Reproduce each line below precisely. Drop the pictures.

=== Information supplied ===

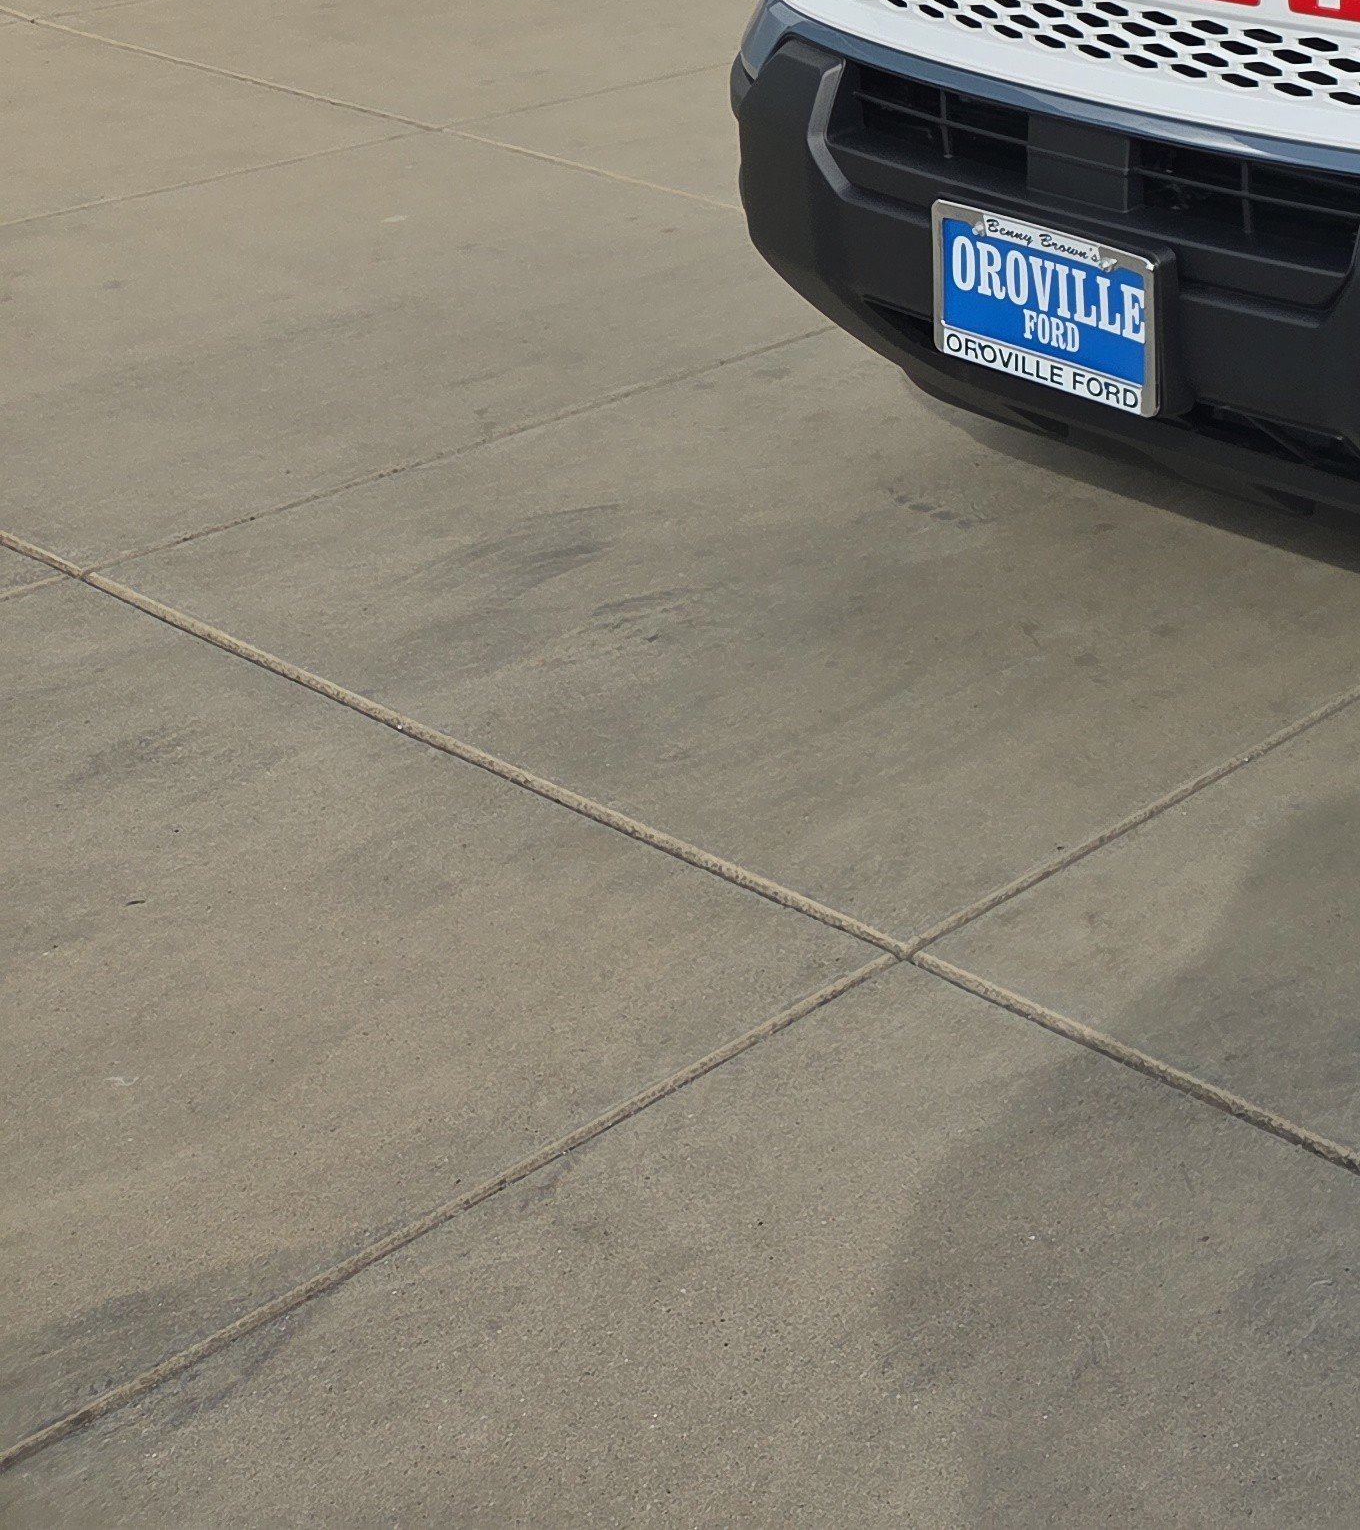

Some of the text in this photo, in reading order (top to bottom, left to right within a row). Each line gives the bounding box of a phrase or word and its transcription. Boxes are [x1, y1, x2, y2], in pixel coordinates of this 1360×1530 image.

[986, 218, 1101, 262] Benny Brown's
[951, 235, 1146, 345] OROVILLE
[1023, 308, 1080, 353] FORD
[946, 334, 1139, 410] OROVILLE FORD
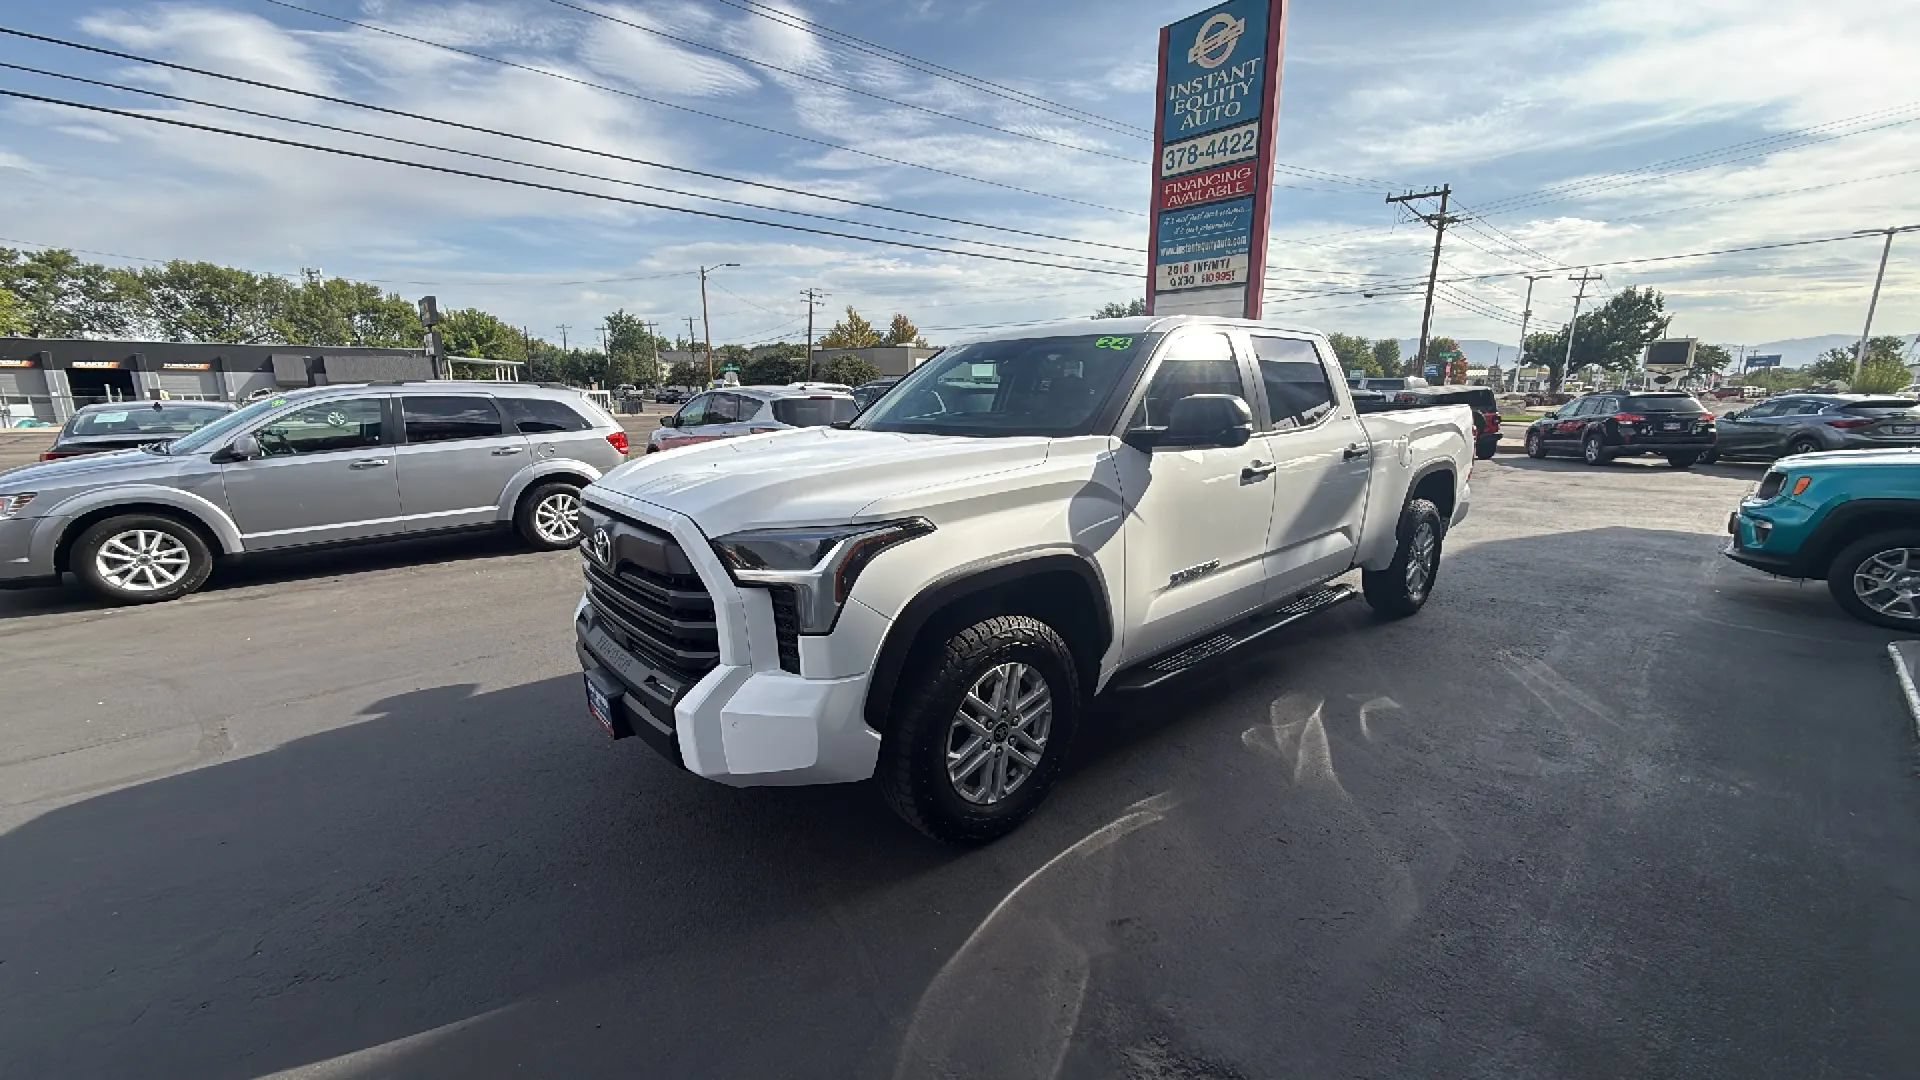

===

• Completed task
Some of the text in this photo, in reading order (top to bottom, left to right within a row). Each line gives the bounding box of a phrase or word and its transcription. Boxes are [x1, y1, x2, y2], in pixel coordinates of this 1360×1530 image.

[986, 218, 1101, 262] Benny Brown's
[951, 235, 1146, 345] OROVILLE
[1023, 308, 1080, 353] FORD
[946, 334, 1139, 410] OROVILLE FORD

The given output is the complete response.